EXTRACTED DATA START

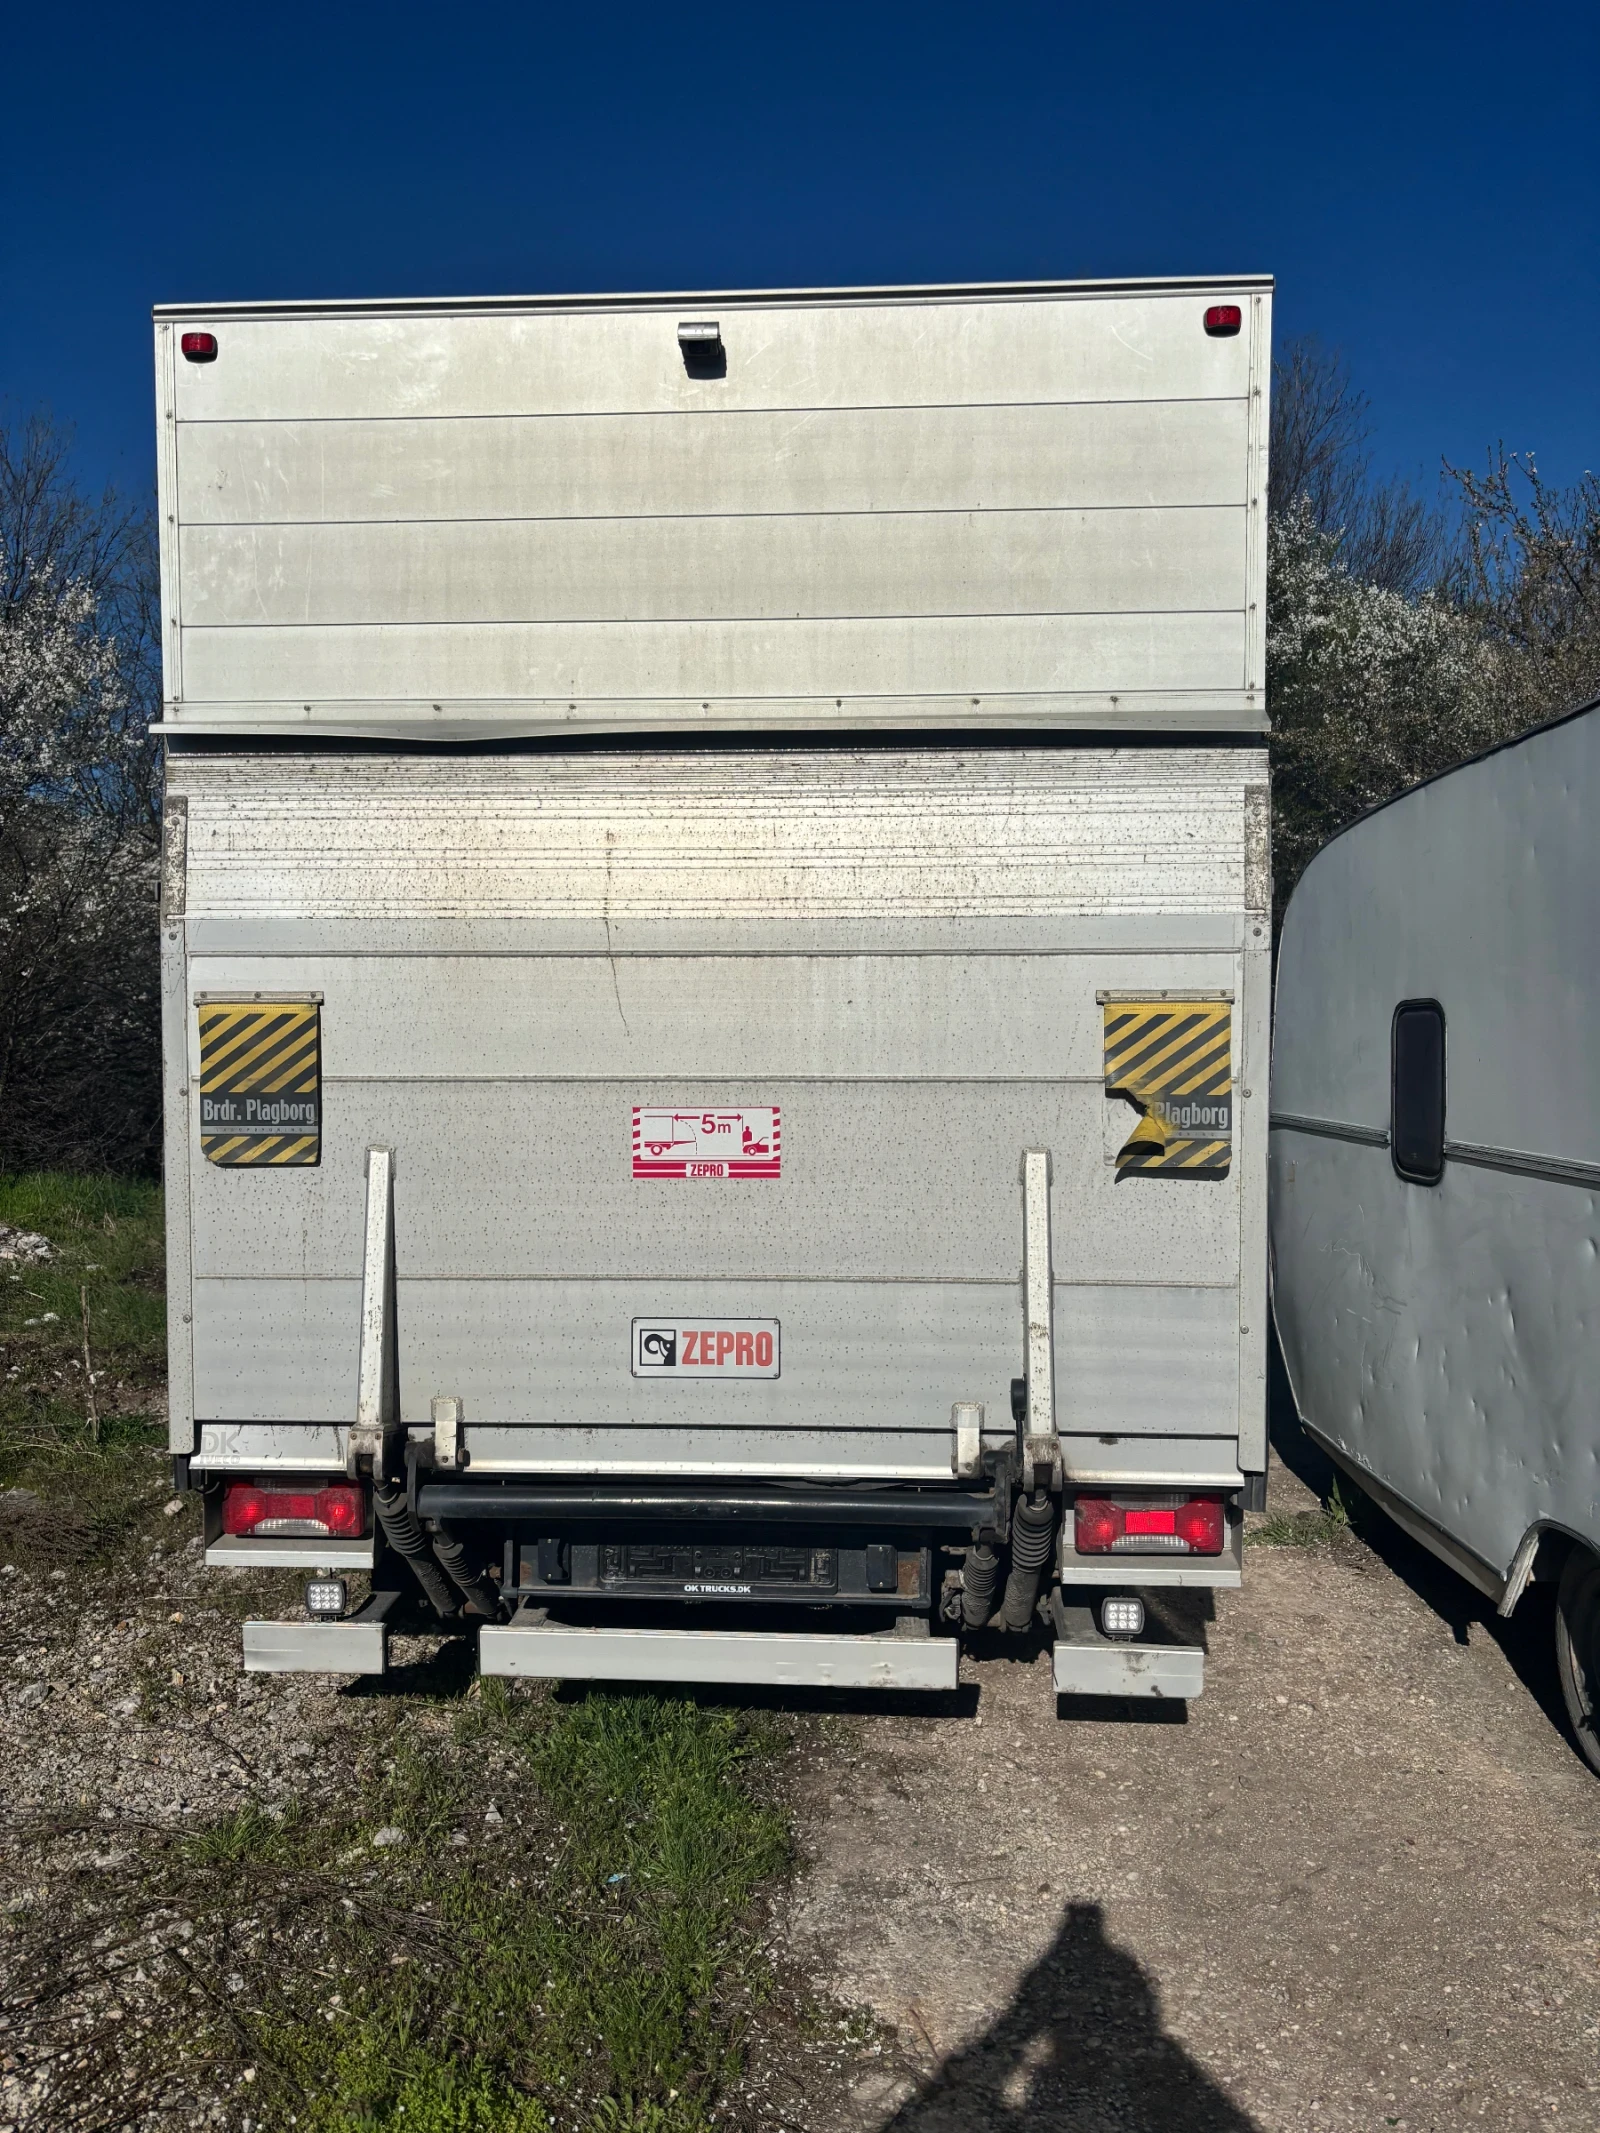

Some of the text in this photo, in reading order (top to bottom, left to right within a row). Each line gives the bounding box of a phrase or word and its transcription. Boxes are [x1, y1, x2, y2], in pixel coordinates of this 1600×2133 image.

[203, 1098, 315, 1124] Brdr. Plagborg
[690, 1164, 724, 1177] ZEPRO
[682, 1331, 773, 1366] ZEPRO
[684, 1584, 751, 1593] OK TRUCKS.DK
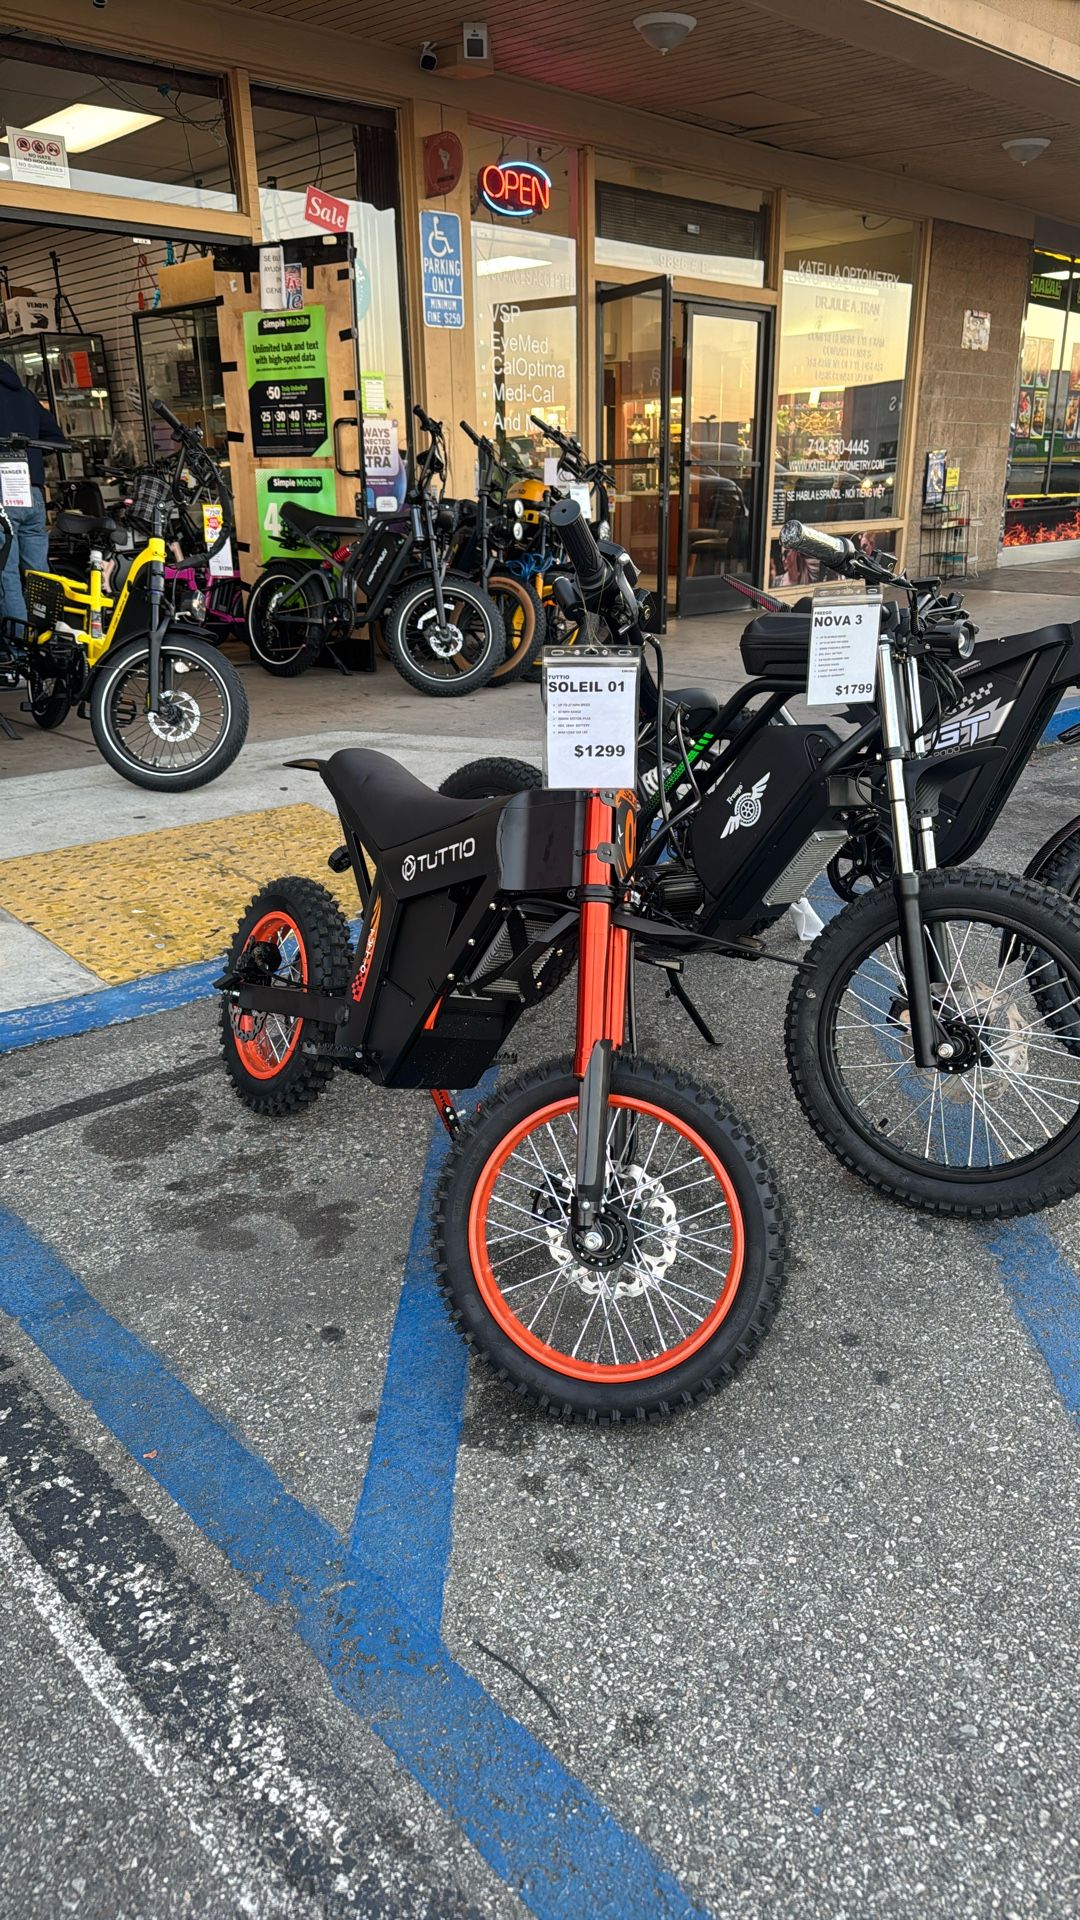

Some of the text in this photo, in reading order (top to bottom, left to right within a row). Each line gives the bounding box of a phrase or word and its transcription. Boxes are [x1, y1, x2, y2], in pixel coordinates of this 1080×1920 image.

[483, 164, 550, 210] OPEN
[308, 196, 345, 228] Sale
[424, 257, 461, 275] PARKING
[798, 259, 900, 289] KATELLA OPTOMETRY
[432, 276, 455, 293] ONLY
[1032, 278, 1061, 294] HALAL
[430, 298, 457, 311] MINIMUM
[428, 311, 461, 325] FINE $250
[488, 303, 521, 323] VSP
[263, 317, 309, 329] Simple Mobile
[252, 340, 319, 353] Unlimited talk and text
[490, 331, 548, 355] EyeMed
[255, 353, 316, 365] with high-speed data
[491, 356, 566, 379] CalOptima
[492, 382, 555, 403] Medi-Cal
[492, 412, 521, 431] And
[808, 439, 869, 456] 714-530-4445
[789, 459, 885, 471] WWW.KATELLAOPTOMETRY.COM
[273, 479, 321, 488] Simple Mobile
[787, 491, 795, 502] SE
[796, 489, 815, 501] HABLA
[815, 488, 841, 500] ESPAÑOL
[814, 615, 863, 627] NOVA 3
[548, 681, 625, 693] SOLEIL 01
[835, 683, 873, 696] $1799
[574, 744, 626, 758] $1299
[417, 837, 475, 872] TUTTIO

EXTRACTED DATA END

[TASK OBJECTIVE]: Write out the entries again, exactly as given, skipping any images.

[SOLUTION TO THIS PROBLEM]:
Some of the text in this photo, in reading order (top to bottom, left to right within a row). Each line gives the bounding box of a phrase or word and its transcription. Boxes are [x1, y1, x2, y2], in pixel coordinates of this 1600×2133 image.

[203, 1098, 315, 1124] Brdr. Plagborg
[690, 1164, 724, 1177] ZEPRO
[682, 1331, 773, 1366] ZEPRO
[684, 1584, 751, 1593] OK TRUCKS.DK

Some of the text in this photo, in reading order (top to bottom, left to right within a row). Each line gives the bounding box of a phrase or word and its transcription. Boxes are [x1, y1, x2, y2], in pixel coordinates of this 1080×1920 image.

[483, 164, 550, 210] OPEN
[308, 196, 345, 228] Sale
[424, 257, 461, 275] PARKING
[798, 259, 900, 289] KATELLA OPTOMETRY
[432, 276, 455, 293] ONLY
[1032, 278, 1061, 294] HALAL
[430, 298, 457, 311] MINIMUM
[428, 311, 461, 325] FINE $250
[488, 303, 521, 323] VSP
[263, 317, 309, 329] Simple Mobile
[252, 340, 319, 353] Unlimited talk and text
[490, 331, 548, 355] EyeMed
[255, 353, 316, 365] with high-speed data
[491, 356, 566, 379] CalOptima
[492, 382, 555, 403] Medi-Cal
[492, 412, 521, 431] And
[808, 439, 869, 456] 714-530-4445
[789, 459, 885, 471] WWW.KATELLAOPTOMETRY.COM
[273, 479, 321, 488] Simple Mobile
[787, 491, 795, 502] SE
[796, 489, 815, 501] HABLA
[815, 488, 841, 500] ESPAÑOL
[814, 615, 863, 627] NOVA 3
[548, 681, 625, 693] SOLEIL 01
[835, 683, 873, 696] $1799
[574, 744, 626, 758] $1299
[417, 837, 475, 872] TUTTIO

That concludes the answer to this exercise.